The action is aimed at appealing to key Latino constituencies in battleground states, including Arizona, Nevada and Georgia, that will be crucial for Biden’s chances to claim a second term. The move is an olive branch to immigration advocates and progressives, many of whom have sharply criticized Biden for previous restrictive actions, including taking steps this month to limit asylum processing at the US southern border

The president formally announced the action during a White House event Tuesday marking the 12th anniversary of DACA: “Today’s a good day,” Biden said during the event in the White House’s East Room.

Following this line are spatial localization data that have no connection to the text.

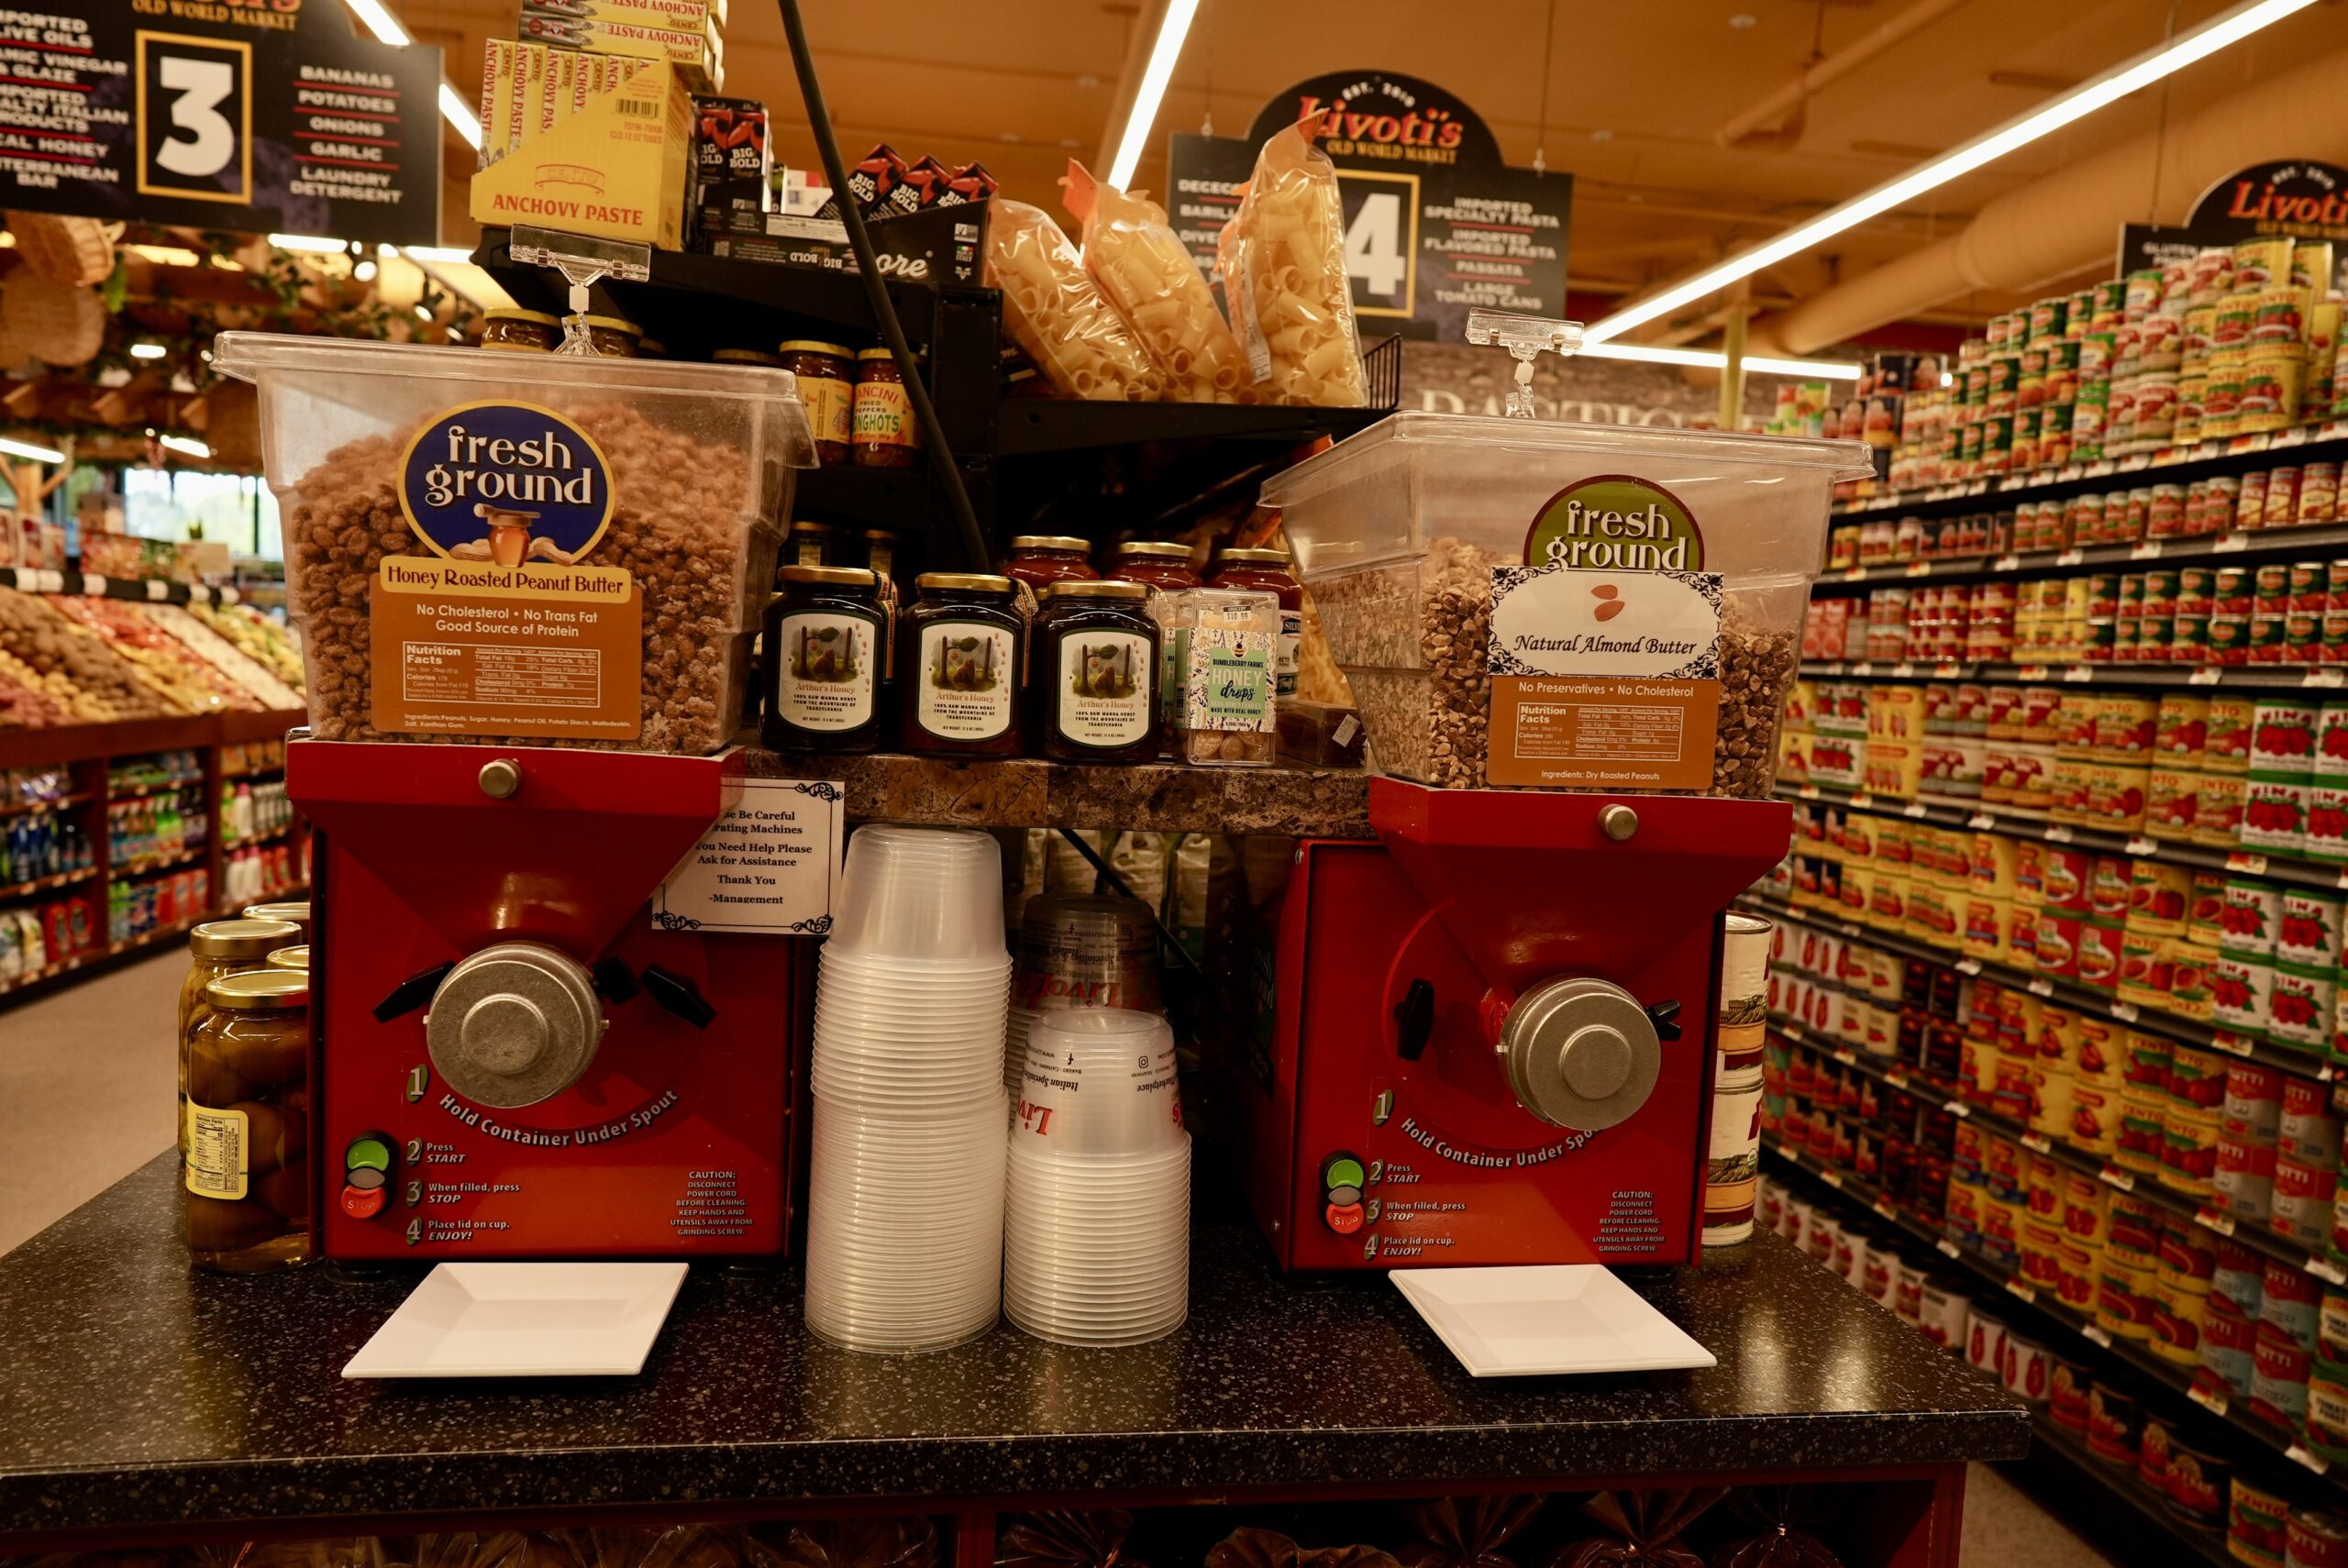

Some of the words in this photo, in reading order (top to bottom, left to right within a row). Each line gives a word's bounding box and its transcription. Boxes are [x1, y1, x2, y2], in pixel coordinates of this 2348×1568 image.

[170, 1, 229, 23] WORLD
[231, 7, 298, 31] MARKET
[607, 24, 644, 39] PASTE
[647, 28, 701, 47] ANCHOVY
[300, 65, 394, 89] BANANAS
[482, 40, 497, 97] ANCHOVY
[298, 90, 396, 113] POTATOES
[156, 56, 235, 177] 3
[481, 97, 494, 134] PASTE
[1298, 95, 1463, 149] Livoti's
[309, 116, 384, 137] ONIONS
[310, 141, 383, 161] GARLIC
[732, 147, 753, 158] BIG
[1326, 139, 1355, 156] OLD
[1357, 141, 1403, 160] WORLD
[1404, 146, 1457, 165] MARKET
[729, 158, 760, 169] BOLD
[301, 165, 391, 188] LAUNDRY
[289, 180, 404, 204] DETERGENT
[493, 194, 580, 219] ANCHOVY
[585, 204, 643, 226] PASTE
[1454, 197, 1533, 215] IMPORTED
[1424, 205, 1508, 224] SPECIALTY
[1511, 213, 1560, 228] PASTA
[1346, 193, 1405, 295] 4
[1452, 229, 1531, 247] IMPORTED
[1423, 237, 1505, 256] FLAVORED
[1507, 244, 1556, 259] PASTA
[1456, 259, 1523, 277] PASSATA
[1463, 282, 1516, 296] LARGE
[1434, 289, 1497, 306] TOMATO
[1499, 294, 1542, 310] CANS
[856, 386, 899, 404] ANCINI
[853, 414, 900, 433] NGHOTS
[448, 425, 572, 470] fresh
[425, 463, 593, 506] ground
[1567, 500, 1672, 539] fresh
[1545, 536, 1688, 571] ground
[388, 566, 439, 589] Honey
[445, 569, 511, 589] Roasted
[515, 572, 571, 591] Peanut
[575, 575, 624, 593] Butter
[416, 604, 435, 615] No
[437, 605, 509, 619] Cholesterol
[524, 609, 542, 621] No
[545, 610, 576, 623] Trans
[580, 612, 597, 624] Fat
[436, 620, 471, 633] Good
[475, 623, 518, 634] Source
[522, 623, 535, 635] of
[537, 624, 579, 636] Protein
[406, 645, 461, 657] Nutrition
[1513, 635, 1581, 652] Natural
[1578, 635, 1641, 654] Almond
[1645, 638, 1697, 655] Butter
[406, 655, 443, 666] Facts
[1213, 659, 1247, 668] BUMBLEBERRY
[1212, 668, 1263, 687] HONEY
[795, 682, 828, 691] Arthur's
[830, 685, 856, 694] Honey
[1220, 679, 1255, 702] drops
[1519, 682, 1534, 693] No
[1536, 683, 1605, 695] Preservatives
[1617, 685, 1634, 695] No
[1635, 685, 1693, 697] Cholesterol
[1077, 700, 1110, 709] Arthur's
[1111, 701, 1135, 710] Honey
[1520, 705, 1567, 716] Nutrition
[1520, 714, 1550, 723] Facts
[1541, 770, 1584, 779] Ingredients:
[1586, 771, 1599, 780] Dry
[1600, 771, 1630, 779] Roasted
[1632, 771, 1660, 780] Peanuts
[739, 811, 752, 819] Be
[755, 811, 795, 821] Careful
[713, 824, 748, 834] rating
[750, 824, 803, 834] Machines
[718, 843, 746, 852] Need
[748, 843, 775, 855] Help
[778, 844, 813, 854] Please
[698, 856, 718, 865] Ask
[720, 856, 737, 865] for
[739, 856, 797, 867] Assistance
[717, 875, 751, 885] Thank
[755, 876, 776, 885] You
[708, 893, 783, 904] -Management
[409, 1067, 424, 1096] 1
[1050, 1078, 1079, 1092] Italian
[1377, 1093, 1389, 1119] 1
[439, 1093, 480, 1127] Hold
[481, 1119, 570, 1147] Container
[574, 1121, 628, 1145] Under
[630, 1089, 679, 1129] Spout
[406, 1140, 420, 1162] 2
[426, 1143, 453, 1152] Press
[1401, 1117, 1435, 1148] Hold
[1435, 1142, 1512, 1167] Container
[1516, 1143, 1563, 1167] Under
[1566, 1130, 1600, 1150] Spo
[426, 1154, 466, 1163] START
[689, 1171, 736, 1179] CAUTION:
[1369, 1161, 1381, 1181] 2
[1388, 1164, 1411, 1172] Press
[1387, 1174, 1421, 1183] START
[406, 1181, 420, 1202] 3
[428, 1183, 457, 1191] When
[460, 1183, 491, 1193] filled,
[493, 1185, 520, 1194] press
[428, 1195, 461, 1203] STOP
[1387, 1201, 1412, 1209] When
[1413, 1201, 1440, 1210] filled,
[1443, 1203, 1466, 1211] press
[1367, 1199, 1379, 1219] 3
[1386, 1212, 1414, 1220] STOP
[406, 1219, 420, 1241] 4
[428, 1220, 455, 1229] Place
[458, 1220, 472, 1229] lid
[489, 1222, 510, 1231] cup.
[428, 1231, 472, 1241] ENJOY!
[1365, 1235, 1377, 1255] 4
[1384, 1236, 1407, 1244] Place
[1410, 1236, 1421, 1244] lid
[1436, 1238, 1455, 1246] cup.
[1383, 1247, 1422, 1255] ENJOY!

Again, Democrats are proving themselves to be the only adults in the room by actually acknowledging the reality of the situation. And that reality is the fact that undocumented immigrants here living among us actually want to follow the rules and do whatever they can legally to make a better life for themselves and their children. As we've seen over the past year, Republicans have zero solutions on immigration. It's why their own House members refuse to take up the Senate bill that had bipartisan support. Because the defacto Speaker of the House, residing in Mar-a-Lago, would much rather have it as an issue to run on than an issue being addressed by a Democratic administration. For all their concern about the "dangerous" situation at the border, you'd think that House Republicans would want to vote on a Senate bill that greatly ramps up border security. But to think that is to also assume that they have a spine which clearly is not the case. 

Immigration as a 21st-century American political issue remains divisive. But I, for one, would much rather be on the side that actually sees immigrants as human beings. That understands our broken and dysfunctional our system is. That knows that the overwhelming majority of those who are undocumented have fallen into this status not by choice but because there exists no path forward for them as currently designed. At a time when violent crime is at a 50-year low and immigration has been identified as a key driver of the United States' economic recovery, you'd think that Republicans would finally give up the charade that immigrants are a violent burden on all of us. But to believe that is to believe that Republicans would actually acknowledge reality and we all know that that is something they are simply incapable of doing.

Republicans need to dehumanize the other for political gain. Let us not forget that Donald Trump left us with innocent children in cages and several hundred being orphaned as a result of his and Stephen Miller's heinous family separation policy. Recall that those were families who were seeking asylum and had the legal right to present themselves at the southern border. Countless ghoulish Republicans saw no problem with this grotesque human rights violation so why should we expect anything different this time around? Republican xenophobia is a necessary character trait to be a member of the party today. Having policies that demean, degrade, and denigrate immigrants is simply par for the course. Their voters need someone to blame for Republican failed policies. Why not blame the brown-skinned guy next door for your own current situation?

Democrats are on the right side of history. So are all of us. And so are those working to support immigrants knowing full well just how broken our country's immigration system truly is. Joe Biden's new executive order won't fix everything. But it is a clear message that while Republicans use immigration as a wedge issue, Democrats are actually doing something about it. While Republicans sit on legislation, Democrats are finding workarounds using all tools of the Executive Branch. Voters, especially immigrants and immigrant families, see this. They see Democrats as the ones in their corner. They see Barack Obama and Joe Biden fighting for them. They know and understand that there is one party and one party only that sees them as actual human beings.

Which is why Democrats will have earned their vote come November.